[[ Records for processing open ]]
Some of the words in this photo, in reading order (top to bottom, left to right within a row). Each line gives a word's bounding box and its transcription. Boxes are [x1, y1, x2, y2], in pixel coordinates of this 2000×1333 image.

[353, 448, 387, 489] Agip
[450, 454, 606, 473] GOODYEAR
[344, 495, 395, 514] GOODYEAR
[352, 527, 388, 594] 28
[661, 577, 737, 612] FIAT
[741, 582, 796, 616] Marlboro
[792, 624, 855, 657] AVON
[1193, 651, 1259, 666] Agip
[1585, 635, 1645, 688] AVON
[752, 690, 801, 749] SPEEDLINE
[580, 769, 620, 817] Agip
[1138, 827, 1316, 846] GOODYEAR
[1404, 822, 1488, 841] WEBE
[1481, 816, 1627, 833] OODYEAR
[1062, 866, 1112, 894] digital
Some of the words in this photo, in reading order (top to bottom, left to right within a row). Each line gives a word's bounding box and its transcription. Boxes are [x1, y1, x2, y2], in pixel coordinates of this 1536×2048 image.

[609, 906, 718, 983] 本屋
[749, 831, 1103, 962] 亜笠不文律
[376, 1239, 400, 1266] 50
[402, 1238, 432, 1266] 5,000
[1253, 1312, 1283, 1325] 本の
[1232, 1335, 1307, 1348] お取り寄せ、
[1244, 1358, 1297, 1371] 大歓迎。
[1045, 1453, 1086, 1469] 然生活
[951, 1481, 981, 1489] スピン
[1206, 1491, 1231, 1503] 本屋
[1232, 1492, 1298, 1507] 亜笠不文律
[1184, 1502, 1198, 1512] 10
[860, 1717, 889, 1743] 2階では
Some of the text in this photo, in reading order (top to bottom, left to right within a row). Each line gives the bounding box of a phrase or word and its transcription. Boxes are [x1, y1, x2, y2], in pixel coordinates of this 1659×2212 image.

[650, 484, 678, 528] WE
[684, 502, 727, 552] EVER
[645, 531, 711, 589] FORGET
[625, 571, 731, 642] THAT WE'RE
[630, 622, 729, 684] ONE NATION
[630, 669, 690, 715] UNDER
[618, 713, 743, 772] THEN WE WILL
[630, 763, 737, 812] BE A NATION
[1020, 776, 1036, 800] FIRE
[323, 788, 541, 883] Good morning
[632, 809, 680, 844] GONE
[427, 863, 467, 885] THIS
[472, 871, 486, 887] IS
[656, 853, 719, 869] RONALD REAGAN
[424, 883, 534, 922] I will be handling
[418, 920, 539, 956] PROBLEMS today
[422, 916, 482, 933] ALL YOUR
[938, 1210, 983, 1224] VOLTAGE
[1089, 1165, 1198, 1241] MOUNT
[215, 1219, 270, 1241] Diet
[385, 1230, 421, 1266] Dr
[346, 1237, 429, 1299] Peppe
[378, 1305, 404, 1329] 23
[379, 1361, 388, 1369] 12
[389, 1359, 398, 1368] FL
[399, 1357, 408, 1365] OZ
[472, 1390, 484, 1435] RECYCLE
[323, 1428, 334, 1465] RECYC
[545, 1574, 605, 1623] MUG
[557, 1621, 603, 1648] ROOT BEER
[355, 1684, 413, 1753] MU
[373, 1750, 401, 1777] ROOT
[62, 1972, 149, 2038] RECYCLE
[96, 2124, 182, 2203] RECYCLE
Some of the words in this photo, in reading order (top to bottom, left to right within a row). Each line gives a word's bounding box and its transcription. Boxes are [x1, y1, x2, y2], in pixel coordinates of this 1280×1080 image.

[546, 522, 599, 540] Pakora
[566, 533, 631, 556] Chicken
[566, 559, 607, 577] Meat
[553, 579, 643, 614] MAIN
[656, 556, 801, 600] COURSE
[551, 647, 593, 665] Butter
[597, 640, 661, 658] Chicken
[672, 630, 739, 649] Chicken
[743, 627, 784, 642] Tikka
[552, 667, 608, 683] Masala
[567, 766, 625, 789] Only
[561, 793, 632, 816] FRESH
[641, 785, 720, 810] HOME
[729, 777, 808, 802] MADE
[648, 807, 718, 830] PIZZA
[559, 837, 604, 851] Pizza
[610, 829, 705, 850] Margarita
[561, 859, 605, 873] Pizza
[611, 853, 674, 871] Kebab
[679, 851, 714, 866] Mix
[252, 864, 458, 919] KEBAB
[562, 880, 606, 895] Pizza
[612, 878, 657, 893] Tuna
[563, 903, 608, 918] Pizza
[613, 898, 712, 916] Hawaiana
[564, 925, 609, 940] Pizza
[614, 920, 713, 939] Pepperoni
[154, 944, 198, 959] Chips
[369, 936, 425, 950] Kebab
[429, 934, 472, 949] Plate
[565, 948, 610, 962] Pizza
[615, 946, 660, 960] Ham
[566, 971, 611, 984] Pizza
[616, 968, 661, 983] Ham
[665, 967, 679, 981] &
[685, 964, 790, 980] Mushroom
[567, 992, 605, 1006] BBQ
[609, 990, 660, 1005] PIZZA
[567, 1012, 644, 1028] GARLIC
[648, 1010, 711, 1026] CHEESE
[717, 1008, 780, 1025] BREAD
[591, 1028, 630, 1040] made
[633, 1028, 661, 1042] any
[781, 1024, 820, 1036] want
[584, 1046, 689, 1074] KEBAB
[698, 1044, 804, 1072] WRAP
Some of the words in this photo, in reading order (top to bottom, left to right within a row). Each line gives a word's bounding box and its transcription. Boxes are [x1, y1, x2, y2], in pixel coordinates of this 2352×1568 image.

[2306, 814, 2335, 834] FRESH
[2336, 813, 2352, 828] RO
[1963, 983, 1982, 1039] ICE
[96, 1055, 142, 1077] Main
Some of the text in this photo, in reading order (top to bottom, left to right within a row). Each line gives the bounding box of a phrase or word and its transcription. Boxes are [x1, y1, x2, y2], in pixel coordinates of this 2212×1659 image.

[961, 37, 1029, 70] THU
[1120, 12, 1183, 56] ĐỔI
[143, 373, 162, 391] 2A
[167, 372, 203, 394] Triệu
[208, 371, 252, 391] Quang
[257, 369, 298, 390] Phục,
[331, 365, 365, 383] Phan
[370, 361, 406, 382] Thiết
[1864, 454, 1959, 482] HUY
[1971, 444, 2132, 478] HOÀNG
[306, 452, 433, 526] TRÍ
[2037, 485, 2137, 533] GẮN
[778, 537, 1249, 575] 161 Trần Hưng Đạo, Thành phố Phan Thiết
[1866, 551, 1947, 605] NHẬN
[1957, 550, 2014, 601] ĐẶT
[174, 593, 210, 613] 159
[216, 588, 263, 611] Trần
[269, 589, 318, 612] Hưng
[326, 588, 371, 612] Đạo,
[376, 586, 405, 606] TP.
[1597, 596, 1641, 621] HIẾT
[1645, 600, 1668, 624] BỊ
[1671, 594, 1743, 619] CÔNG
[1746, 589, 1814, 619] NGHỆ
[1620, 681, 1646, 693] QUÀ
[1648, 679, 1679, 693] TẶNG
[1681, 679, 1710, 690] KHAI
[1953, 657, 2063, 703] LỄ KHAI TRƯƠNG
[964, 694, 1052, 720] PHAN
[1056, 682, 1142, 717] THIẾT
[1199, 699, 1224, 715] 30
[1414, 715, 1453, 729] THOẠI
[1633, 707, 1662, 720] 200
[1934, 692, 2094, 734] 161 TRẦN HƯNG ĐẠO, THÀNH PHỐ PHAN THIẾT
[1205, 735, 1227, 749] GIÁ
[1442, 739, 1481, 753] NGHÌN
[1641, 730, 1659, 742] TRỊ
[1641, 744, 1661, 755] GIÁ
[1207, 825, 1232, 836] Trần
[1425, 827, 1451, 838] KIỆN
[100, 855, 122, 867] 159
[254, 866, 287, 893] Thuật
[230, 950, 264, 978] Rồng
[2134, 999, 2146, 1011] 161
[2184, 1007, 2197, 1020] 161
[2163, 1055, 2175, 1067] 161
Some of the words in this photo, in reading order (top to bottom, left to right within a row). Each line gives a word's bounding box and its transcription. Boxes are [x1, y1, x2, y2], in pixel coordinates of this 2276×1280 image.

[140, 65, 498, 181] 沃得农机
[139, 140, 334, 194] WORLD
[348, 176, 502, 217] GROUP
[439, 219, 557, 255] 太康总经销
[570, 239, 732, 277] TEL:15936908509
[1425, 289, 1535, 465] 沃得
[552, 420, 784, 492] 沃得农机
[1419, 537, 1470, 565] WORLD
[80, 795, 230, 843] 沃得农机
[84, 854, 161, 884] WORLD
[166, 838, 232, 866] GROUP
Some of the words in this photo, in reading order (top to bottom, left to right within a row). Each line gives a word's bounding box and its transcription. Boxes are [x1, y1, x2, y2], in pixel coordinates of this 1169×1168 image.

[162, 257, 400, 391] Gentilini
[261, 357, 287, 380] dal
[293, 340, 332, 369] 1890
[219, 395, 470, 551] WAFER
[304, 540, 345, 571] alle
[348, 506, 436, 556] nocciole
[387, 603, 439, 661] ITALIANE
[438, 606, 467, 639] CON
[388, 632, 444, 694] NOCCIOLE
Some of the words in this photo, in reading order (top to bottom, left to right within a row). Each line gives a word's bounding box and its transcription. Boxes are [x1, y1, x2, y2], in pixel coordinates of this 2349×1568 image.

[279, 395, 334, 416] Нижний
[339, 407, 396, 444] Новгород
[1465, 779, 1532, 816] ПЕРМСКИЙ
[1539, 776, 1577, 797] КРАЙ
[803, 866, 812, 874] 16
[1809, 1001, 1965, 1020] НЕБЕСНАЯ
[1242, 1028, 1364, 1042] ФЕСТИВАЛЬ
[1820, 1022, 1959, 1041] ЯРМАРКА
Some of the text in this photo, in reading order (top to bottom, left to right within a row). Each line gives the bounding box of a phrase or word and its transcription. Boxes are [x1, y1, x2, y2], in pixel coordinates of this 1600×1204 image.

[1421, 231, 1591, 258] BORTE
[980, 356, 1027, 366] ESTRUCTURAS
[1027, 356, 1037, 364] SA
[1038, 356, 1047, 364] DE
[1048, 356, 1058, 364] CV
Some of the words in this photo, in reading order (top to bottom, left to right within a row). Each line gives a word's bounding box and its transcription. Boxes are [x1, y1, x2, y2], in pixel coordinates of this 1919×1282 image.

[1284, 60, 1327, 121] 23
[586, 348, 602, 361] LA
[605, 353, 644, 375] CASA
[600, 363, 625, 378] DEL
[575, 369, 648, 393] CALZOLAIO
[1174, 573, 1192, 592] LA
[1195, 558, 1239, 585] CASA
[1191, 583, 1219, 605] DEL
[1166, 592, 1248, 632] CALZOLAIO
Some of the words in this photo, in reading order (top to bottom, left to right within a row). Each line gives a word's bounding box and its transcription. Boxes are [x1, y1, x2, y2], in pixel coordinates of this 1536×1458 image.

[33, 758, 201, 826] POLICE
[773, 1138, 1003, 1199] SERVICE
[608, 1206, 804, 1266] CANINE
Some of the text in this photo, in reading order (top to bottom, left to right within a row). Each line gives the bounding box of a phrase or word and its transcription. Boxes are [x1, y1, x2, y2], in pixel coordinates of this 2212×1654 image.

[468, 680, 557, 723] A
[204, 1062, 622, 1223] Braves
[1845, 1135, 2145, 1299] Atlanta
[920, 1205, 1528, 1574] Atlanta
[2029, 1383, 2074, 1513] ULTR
[[ Records for processing closed ]]
» What is being asked
From the line with "this 2349×1568 image." to the final line of the entries above, return every line exactly as written.

» Solution to this task
Some of the words in this photo, in reading order (top to bottom, left to right within a row). Each line gives a word's bounding box and its transcription. Boxes are [x1, y1, x2, y2], in pixel coordinates of this 2349×1568 image.

[279, 395, 334, 416] Нижний
[339, 407, 396, 444] Новгород
[1465, 779, 1532, 816] ПЕРМСКИЙ
[1539, 776, 1577, 797] КРАЙ
[803, 866, 812, 874] 16
[1809, 1001, 1965, 1020] НЕБЕСНАЯ
[1242, 1028, 1364, 1042] ФЕСТИВАЛЬ
[1820, 1022, 1959, 1041] ЯРМАРКА
Some of the text in this photo, in reading order (top to bottom, left to right within a row). Each line gives the bounding box of a phrase or word and its transcription. Boxes are [x1, y1, x2, y2], in pixel coordinates of this 1600×1204 image.

[1421, 231, 1591, 258] BORTE
[980, 356, 1027, 366] ESTRUCTURAS
[1027, 356, 1037, 364] SA
[1038, 356, 1047, 364] DE
[1048, 356, 1058, 364] CV
Some of the words in this photo, in reading order (top to bottom, left to right within a row). Each line gives a word's bounding box and its transcription. Boxes are [x1, y1, x2, y2], in pixel coordinates of this 1919×1282 image.

[1284, 60, 1327, 121] 23
[586, 348, 602, 361] LA
[605, 353, 644, 375] CASA
[600, 363, 625, 378] DEL
[575, 369, 648, 393] CALZOLAIO
[1174, 573, 1192, 592] LA
[1195, 558, 1239, 585] CASA
[1191, 583, 1219, 605] DEL
[1166, 592, 1248, 632] CALZOLAIO
Some of the words in this photo, in reading order (top to bottom, left to right within a row). Each line gives a word's bounding box and its transcription. Boxes are [x1, y1, x2, y2], in pixel coordinates of this 1536×1458 image.

[33, 758, 201, 826] POLICE
[773, 1138, 1003, 1199] SERVICE
[608, 1206, 804, 1266] CANINE
Some of the text in this photo, in reading order (top to bottom, left to right within a row). Each line gives the bounding box of a phrase or word and its transcription. Boxes are [x1, y1, x2, y2], in pixel coordinates of this 2212×1654 image.

[468, 680, 557, 723] A
[204, 1062, 622, 1223] Braves
[1845, 1135, 2145, 1299] Atlanta
[920, 1205, 1528, 1574] Atlanta
[2029, 1383, 2074, 1513] ULTR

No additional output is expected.